White House press secretary Jen Psaki defended the non-release of visitor logs from President Biden’s Delaware homes Tuesday — despite the fact that the commander-in-chief was in his home state for more than a quarter of all days during his first year in office.

The Post asked Psaki at her regular press briefing if the White House’s decision not to make the Delaware logs public still stands after Biden spent long stretches of time at his Wilmington and Rehoboth Beach residences.

“Will the White House be reconsidering the decision not to release visitor log information from his Delaware residences?” The Post asked.

Psaki defended the trips before denying the reporter a third question about a different topic.

“Well, the president goes to Delaware because it’s his home. It’s also where his son and his former wife are buried. And it’s a place that is obviously close to his heart,” she said.

“A lot of presidents go visit their home when they are president. We also have gone a step further than the prior administration, and many administrations, in releasing visitor logs of people who visit the White House and will continue to do that.”

Biden spent all or part of 101 days of his first year in office in Delaware. Psaki told The Post in August that there would be no visitor logs released from Biden’s residences in the First State.

Despite vowing to lead the most transparent administration yet, Biden is taking heat from the press for giving fewer interviews and press conferences than his predecessors. He will give just his second solo White House press conference on Wednesday, the final day of his first year in office.

Tom Fitton, president of conservative legal group Judicial Watch — which has for years battled for White House visitor log transparency — says the White House should release the Delaware visitor logs as soon as possible.

“Generally speaking, the American people have a right to know what the president is up to. This president specifically changed policy to presumably disclose who’s been visiting the White House,” Fitton said. “The decision to keep secret who is visiting Delaware makes a mockery of that transparency. It turns it into a joke.”

Fitton says he’s concerned about who may be seeking to influence public policy while paying Biden or his family a visit.

“[Joe Biden] is the one who had [son] Hunter at the vice president’s office meeting with his business partners,” he noted.

The links between the elder Biden and his son’s business ventures often are murky.

It’s unclear, for example, if they have discussed his new art career, in which Hunter hopes to earn as much as $500,000 from anonymous buyers of his novice works. Hunter received at least $375,000 last year for five prints at a Hollywood art show attended by one of his father’s ambassador nominees, Los Angeles Mayor Eric Garcetti.

Hunter Biden’s attorney Chris Clark announced less than a week after President Biden’s November summit with Chinese President Xi Jinping that the first son had divested a 10 percent stake in an investment fund controlled by Chinese state-owned entities. Hunter Biden and the White House provided no further details.

That firm, BHR Partners, was registered 12 days after Hunter joined Vice President Biden aboard Air Force Two for a 2013 trip to Beijing.
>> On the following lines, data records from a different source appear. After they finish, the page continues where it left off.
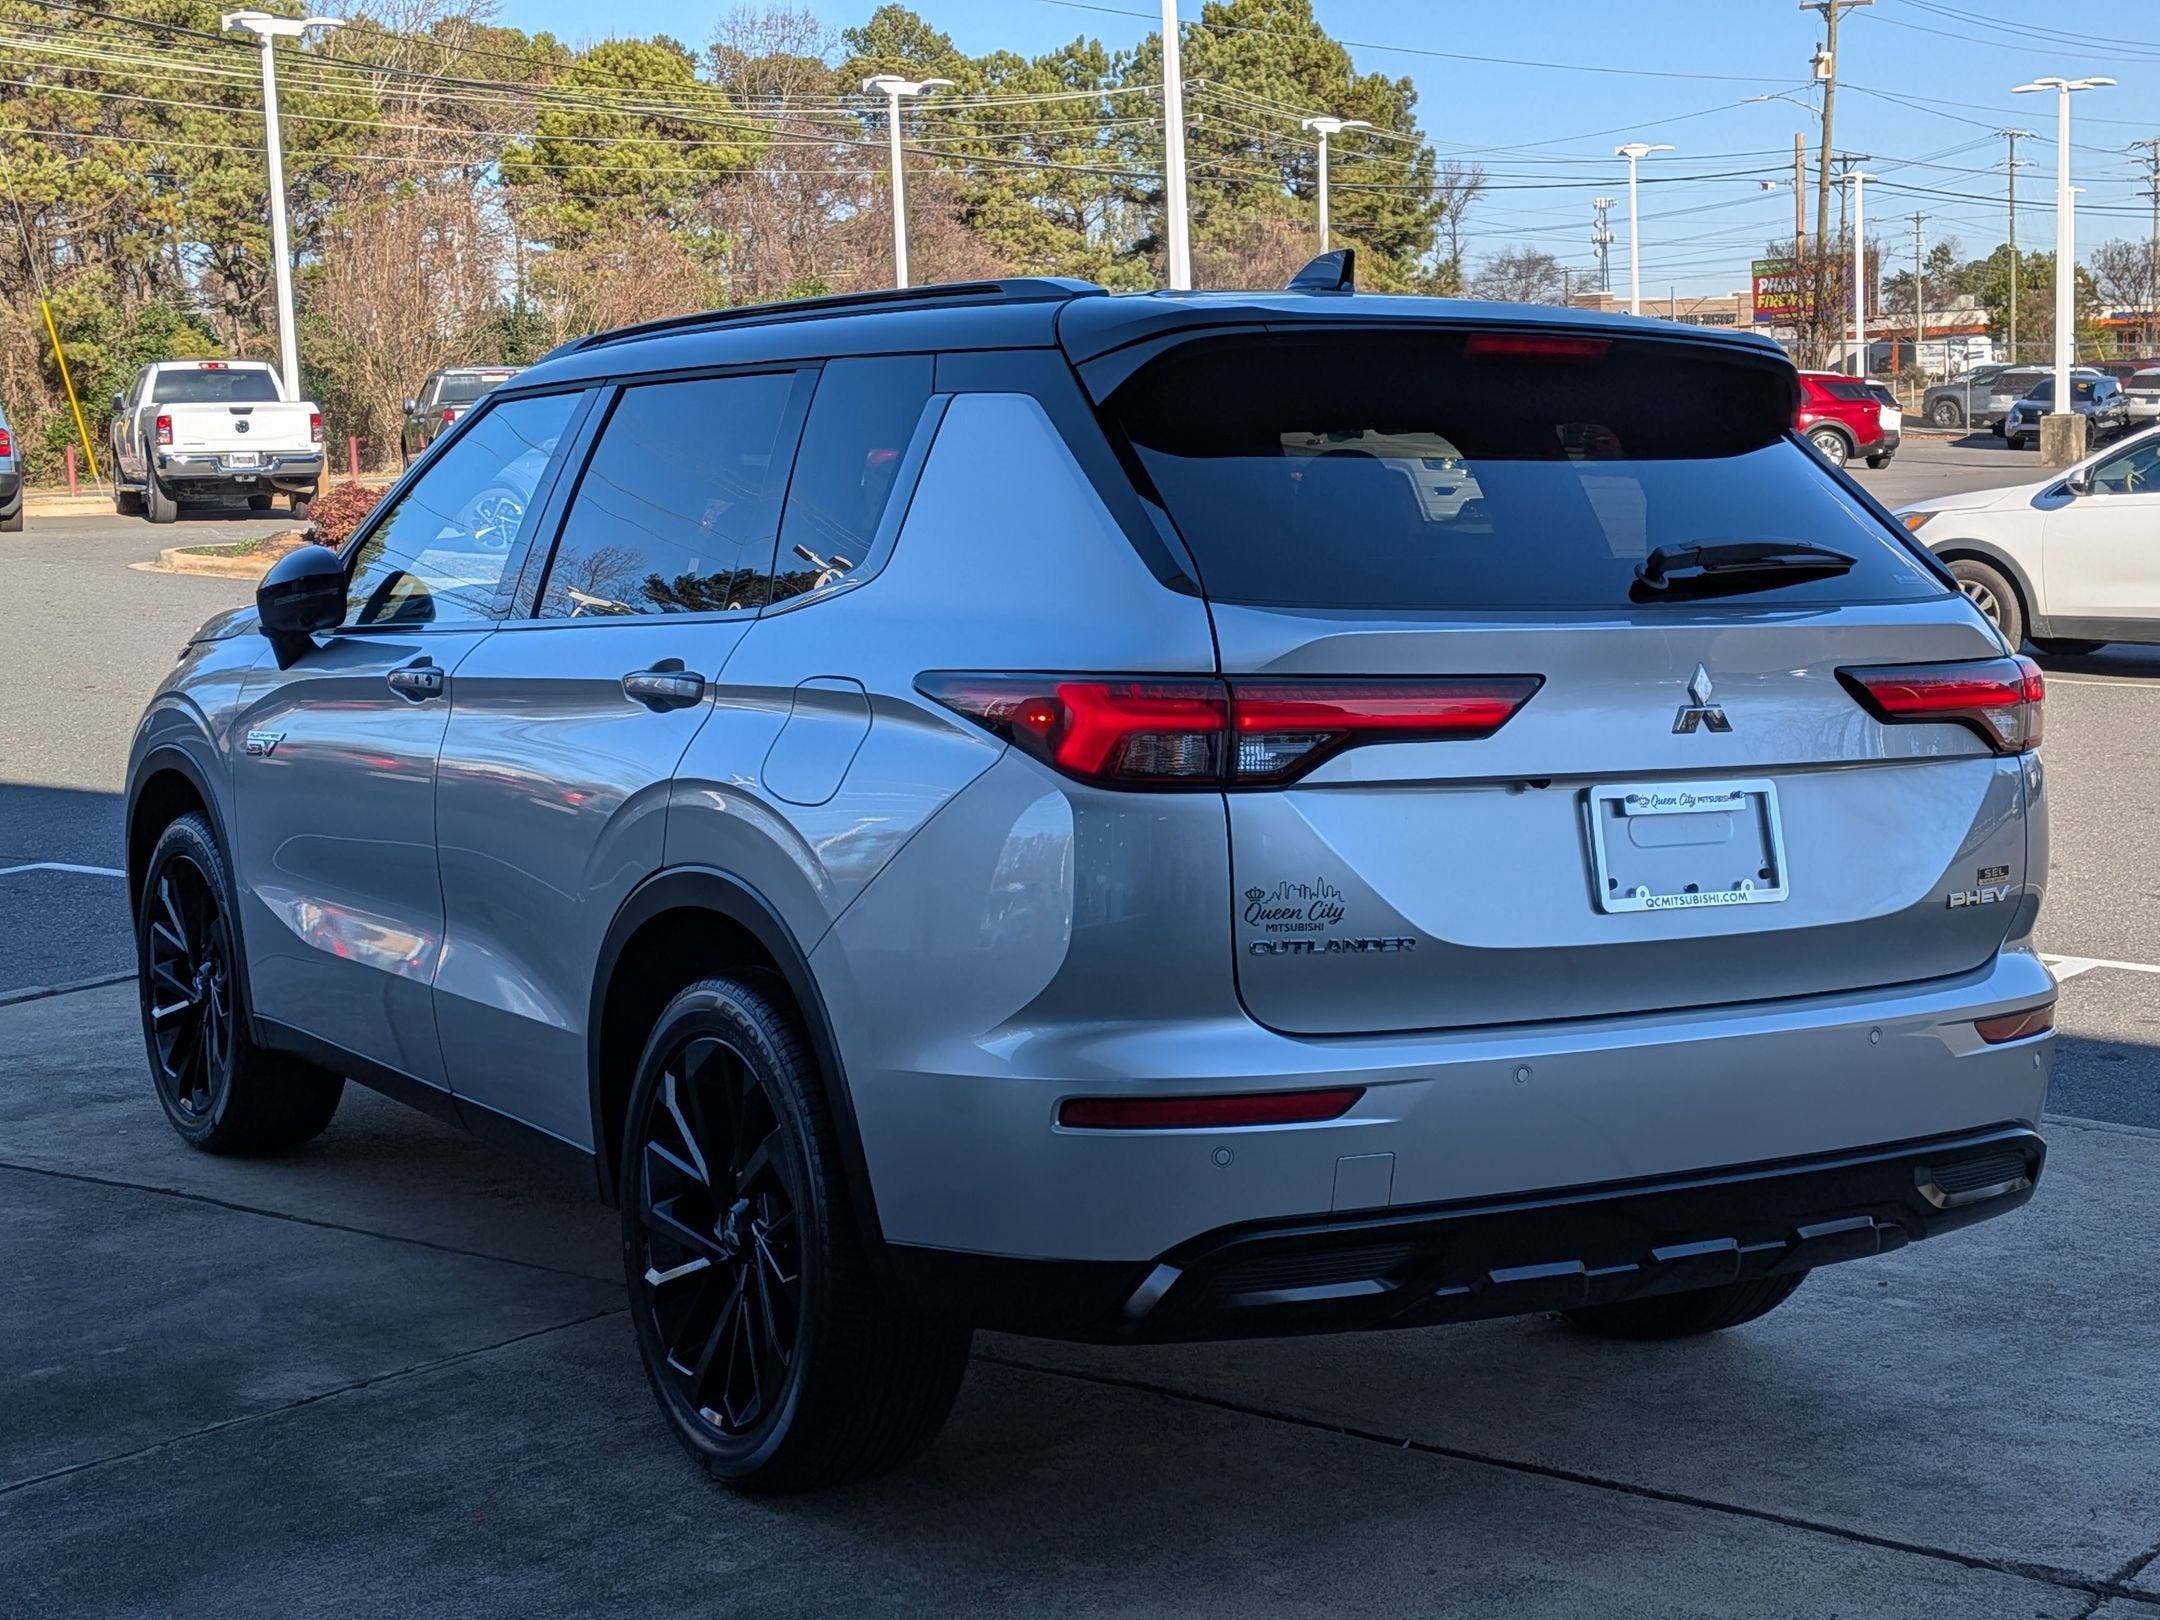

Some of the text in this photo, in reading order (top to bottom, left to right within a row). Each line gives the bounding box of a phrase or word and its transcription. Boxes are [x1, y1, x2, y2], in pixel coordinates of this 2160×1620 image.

[1650, 793, 1678, 809] Queen
[1679, 792, 1697, 807] City
[1984, 867, 2005, 878] SEL
[1646, 892, 1748, 908] QCMITSUBISHI.COM
[1946, 884, 2010, 909] PHEV
[1244, 900, 1345, 927] Queen City
[1265, 922, 1324, 932] MITSUBISHI
[1249, 936, 1416, 955] OUTLANDER
President Donald Trump’s defense team at his 2020 impeachment trial cited Obama-era visitor logs that indicated VP Biden met with his son’s business partner Devon Archer around the time Hunter Biden joined the board of Ukrainian energy company Burisma, where he earned a reported $1 million per year.

Trump attorney Pam Bondi argued that Trump should not have been impeached for pressuring Ukraine to investigate the Bidens because the elder Biden may have had his own hand in the deal.
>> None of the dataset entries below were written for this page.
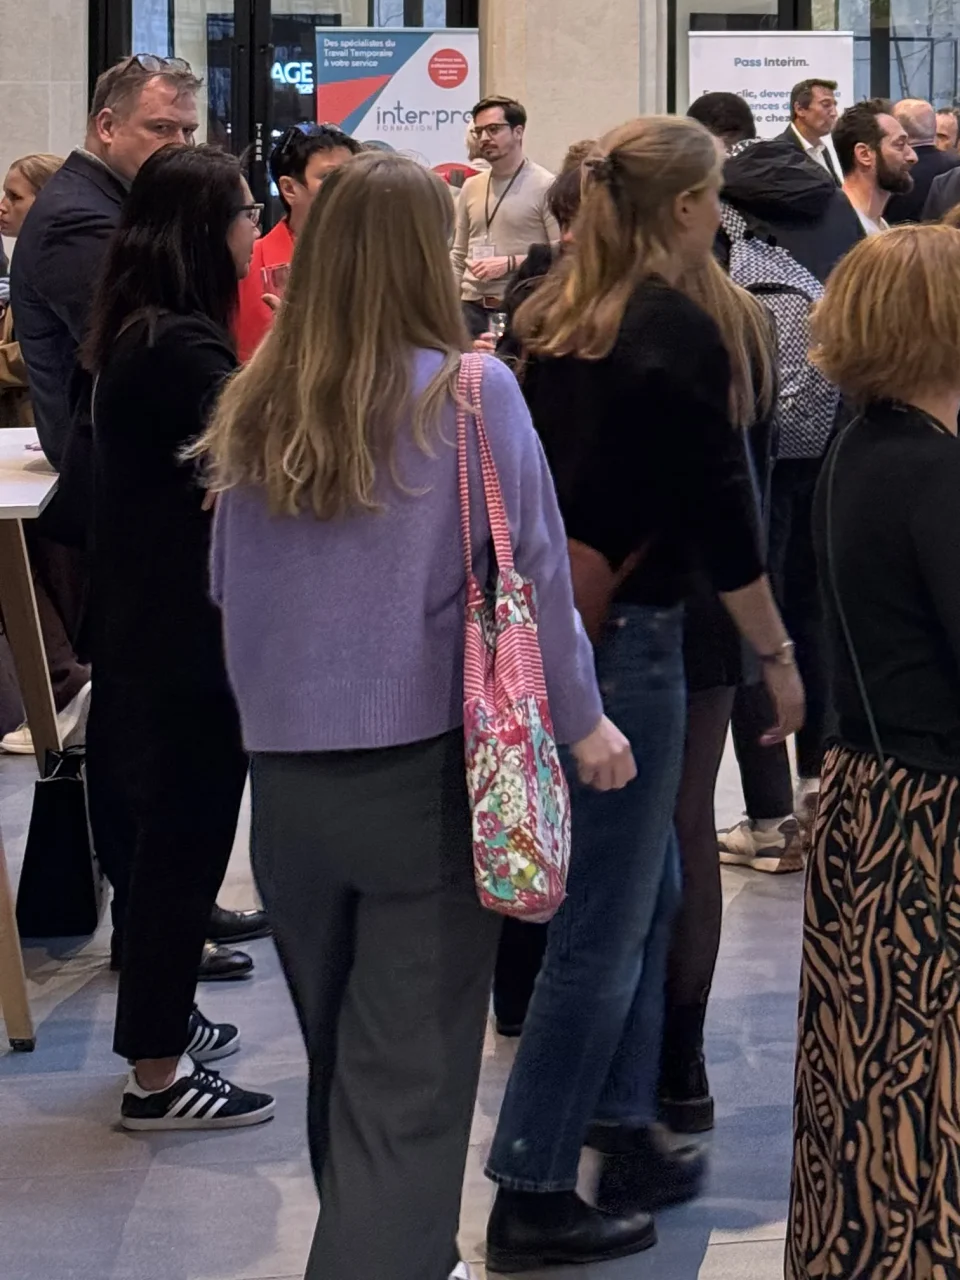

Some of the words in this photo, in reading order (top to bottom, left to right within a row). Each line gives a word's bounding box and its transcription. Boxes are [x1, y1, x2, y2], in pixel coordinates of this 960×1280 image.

[323, 38, 339, 48] Des
[340, 38, 384, 49] spécialistes
[385, 39, 396, 48] du
[323, 48, 349, 58] Travail
[350, 48, 394, 59] Temporaire
[330, 59, 350, 67] votre
[351, 59, 379, 67] service
[734, 57, 762, 68] Pass
[376, 124, 433, 132] FORMATION
Photos and emails from a laptop that formerly belonged to Hunter Biden indicate that Joe Biden in 2015 hosted his son and a group of Mexican business associates at the vice president’s official residence. In 2016, Hunter Biden apparently emailed one of those associates while aboard Air Force Two for an official visit to Mexico, complaining that he hadn’t received reciprocal business favors.

“I have brought every single person you have ever asked me to bring to the F’ing White House and the Vice President’s house and the inauguration,” he griped.

Additional documents and photos indicate that Joe Biden attended a 2015 DC dinner with a group of his son’s associates — including a trio of Kazakhs and the Russian billionaire Yelena Baturina and her husband, ex-Moscow mayor Yury Luzhkov. A Senate report released in 2020 said a firm linked to Hunter Biden received $3.5 million from Baturina in 2014.

A photo depicts Joe Biden posing with the Kazakhstani group at the dinner. One day after the gathering, Burisma executive Vadym Pozharskyi emailed the then-second son to thank him for the opportunity to meet his father.

The Biden White House initially applauded itself last year for resuming the partial release of visitor logs, saying in May, “These logs give the public a look into the visitors entering and exiting the White House campus for appointments, tours, and official business — making good on President Biden’s commitment to restore integrity, transparency, and trust in government.”